Set the whole listing down again, word for word, with no pictures.

[[ DATA EXCERPTS, beginning ]]

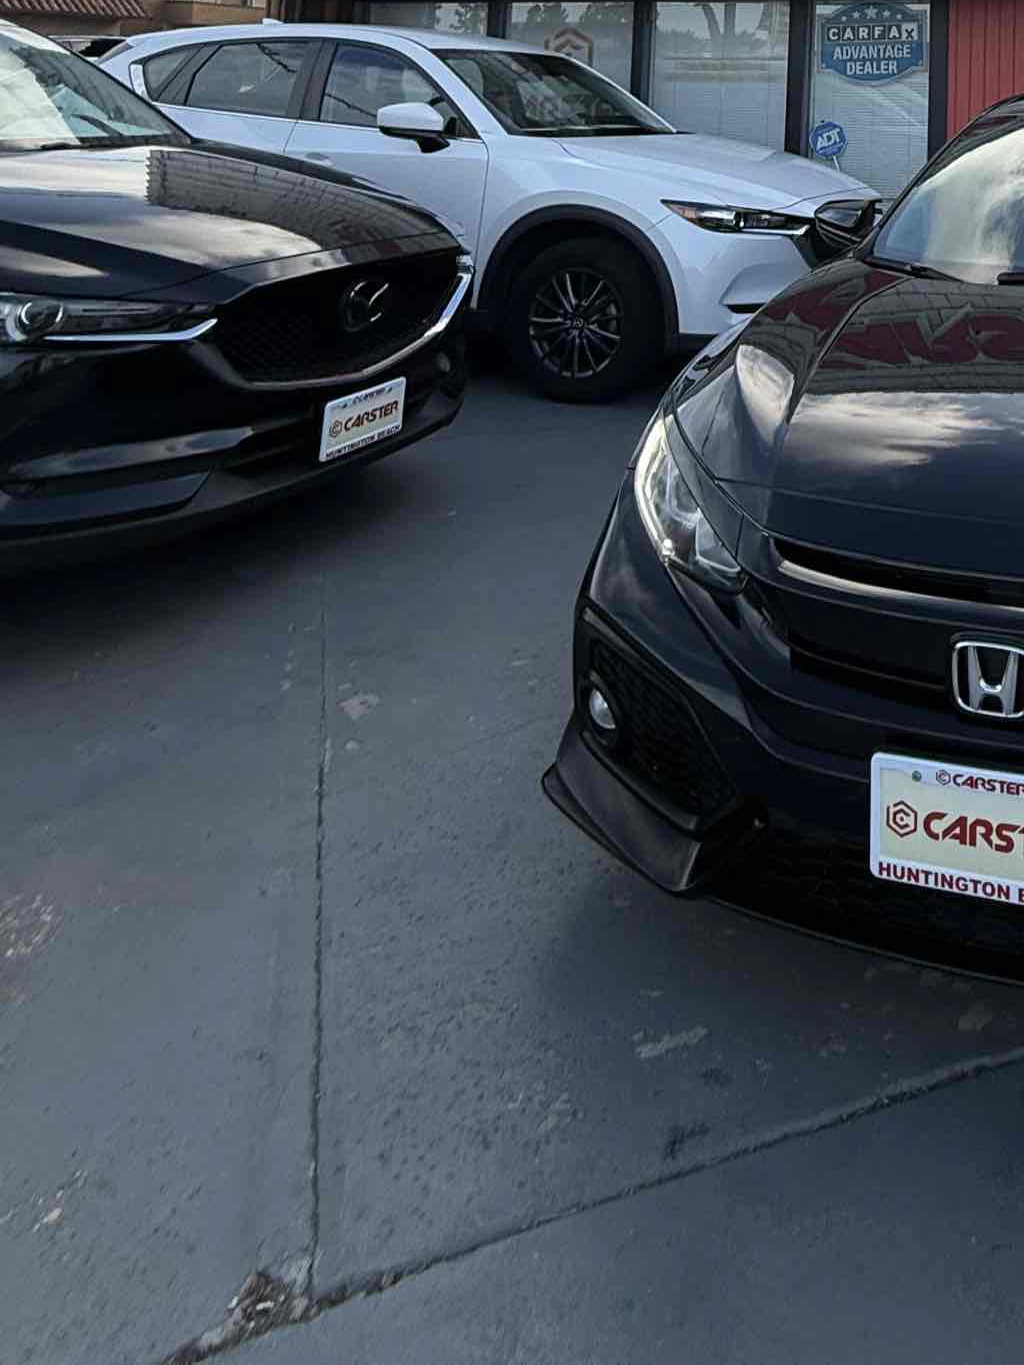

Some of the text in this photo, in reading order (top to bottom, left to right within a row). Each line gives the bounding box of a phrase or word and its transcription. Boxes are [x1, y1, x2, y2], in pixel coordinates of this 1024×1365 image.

[828, 25, 918, 42] CARFAX
[833, 44, 912, 60] ADVANTAGE
[846, 60, 898, 75] DEALER
[816, 128, 841, 151] ADT
[344, 400, 399, 432] CARSTER
[877, 861, 1011, 901] HUNTINGTON
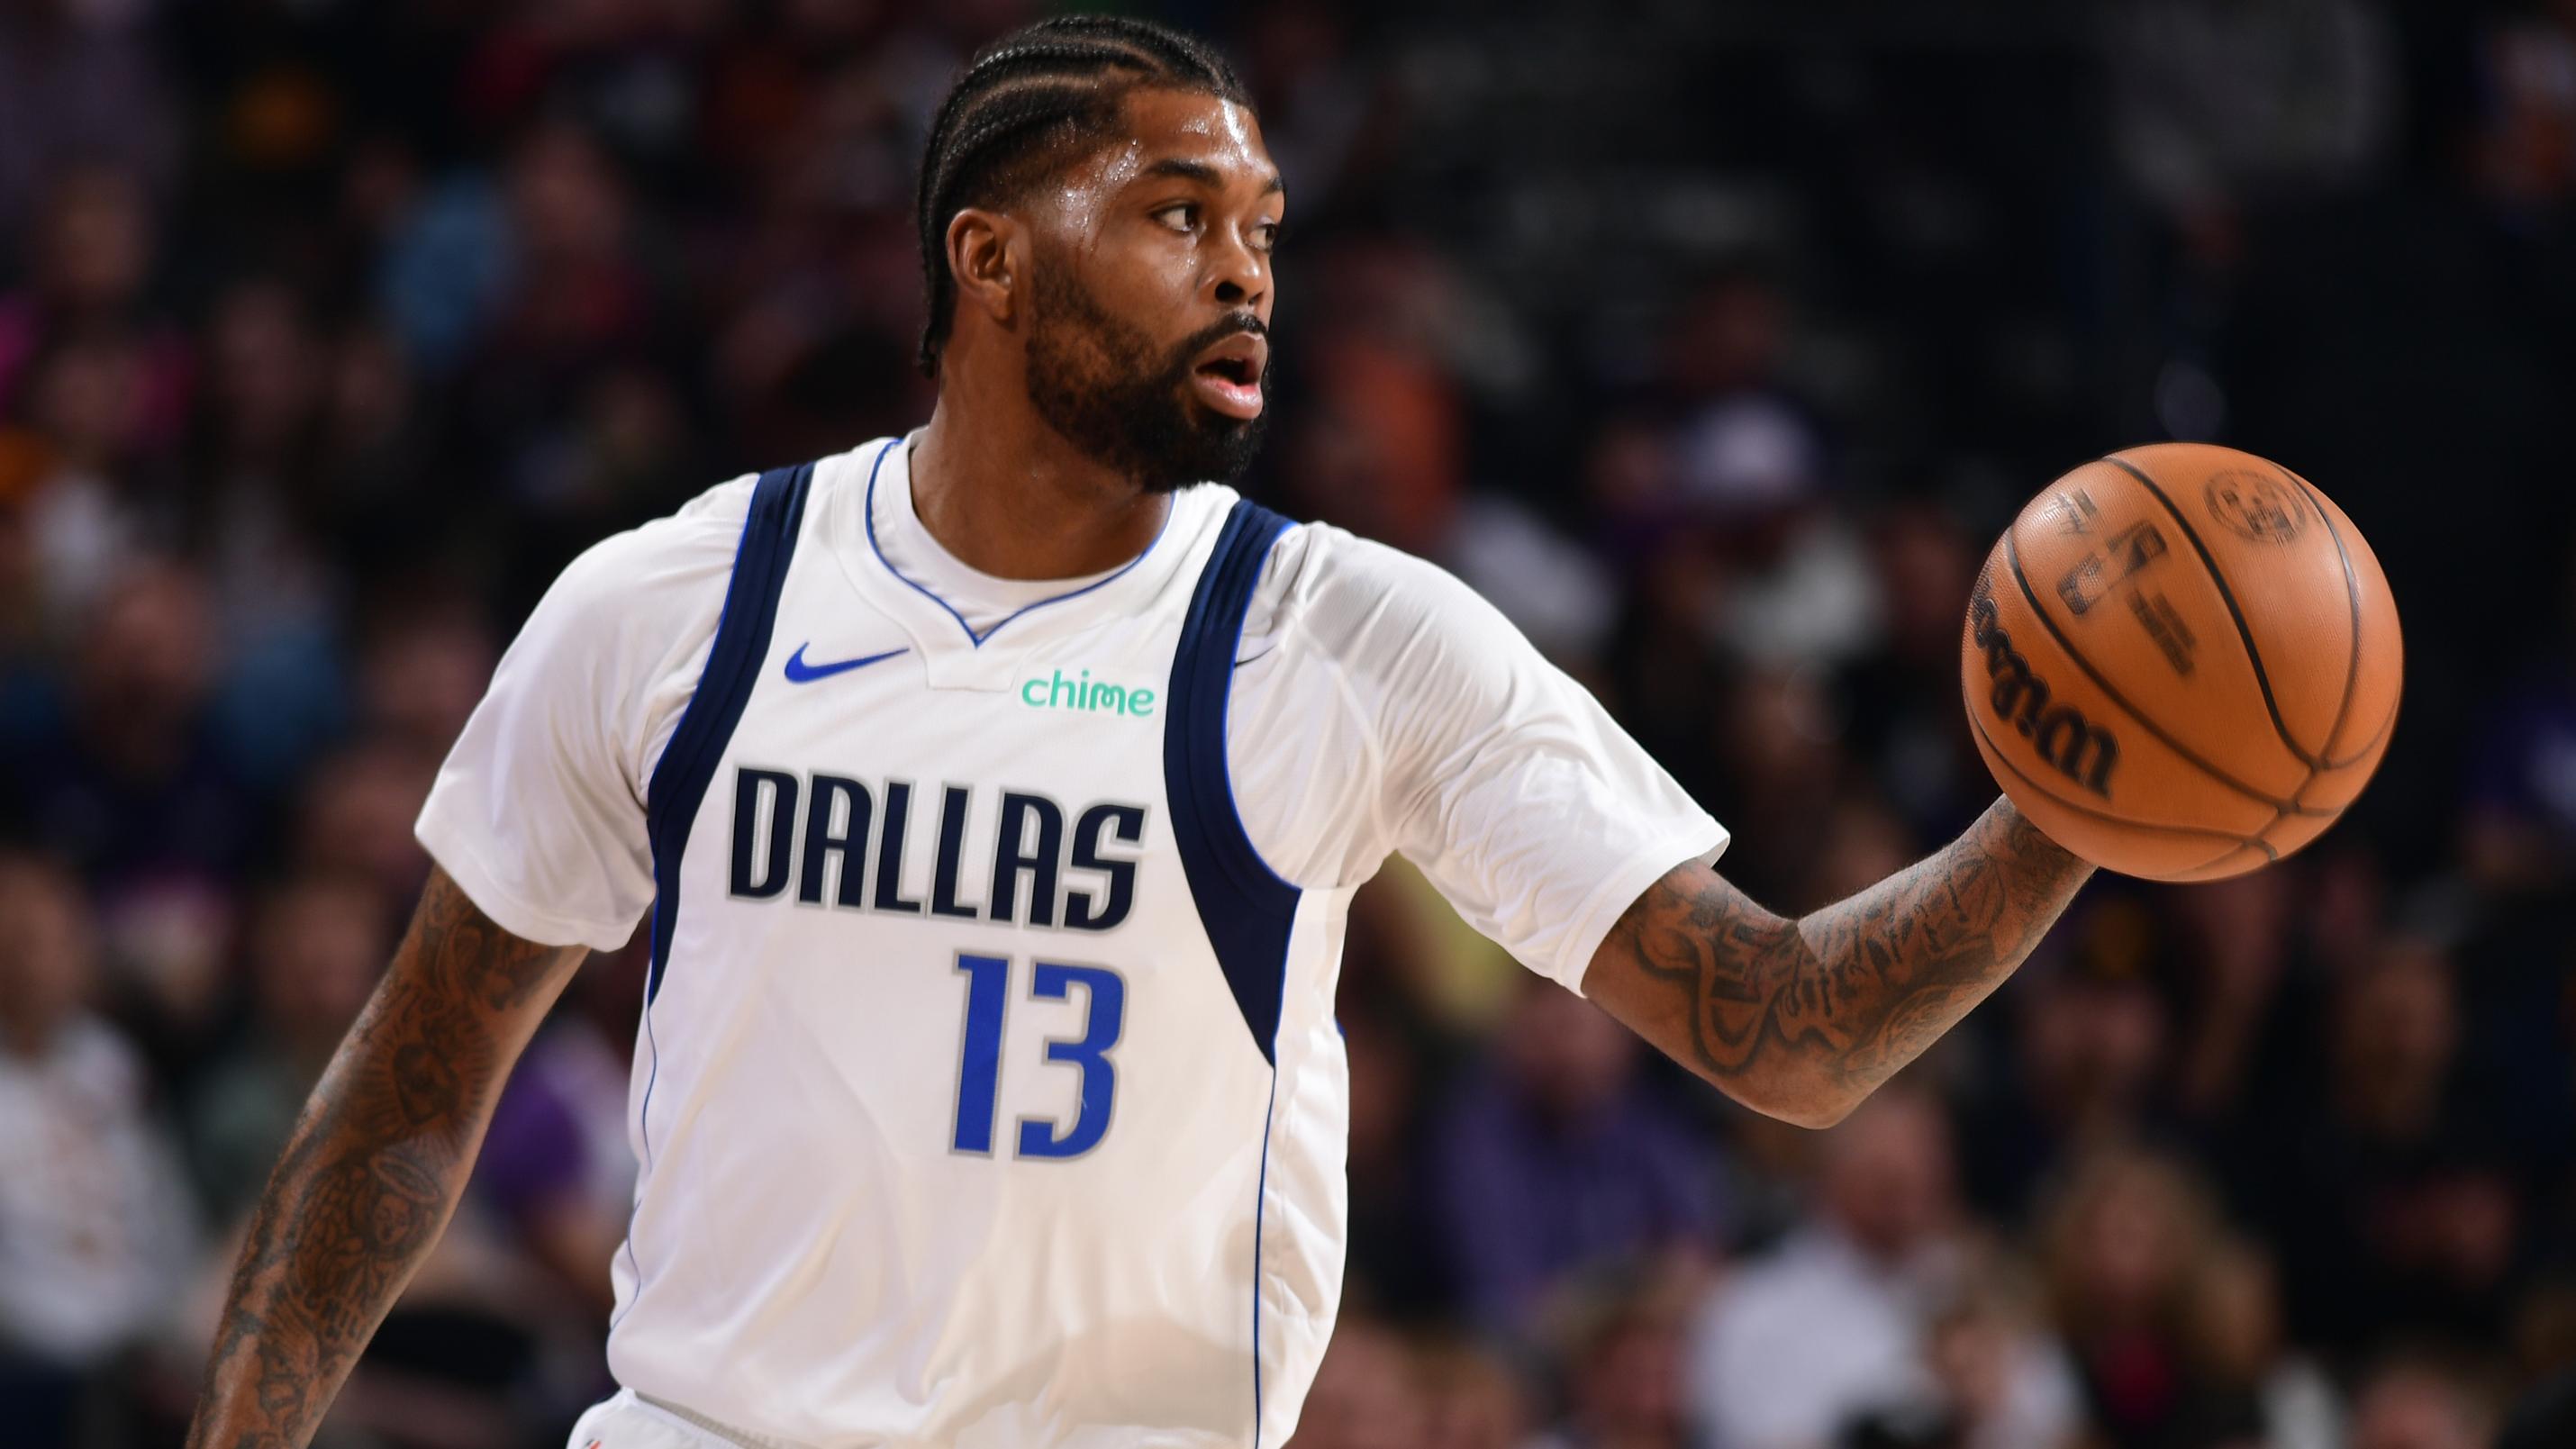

[[ DATA EXCERPTS, end ]]

ANSWER
Some of the text in this photo, in reading order (top to bottom, left to right within a row). Each line gives the bounding box of a phrase or word and its transcription. Boxes are [x1, y1, x2, y2], in pixel coordinates of this 1024×1365 image.

[828, 25, 918, 42] CARFAX
[833, 44, 912, 60] ADVANTAGE
[846, 60, 898, 75] DEALER
[816, 128, 841, 151] ADT
[344, 400, 399, 432] CARSTER
[877, 861, 1011, 901] HUNTINGTON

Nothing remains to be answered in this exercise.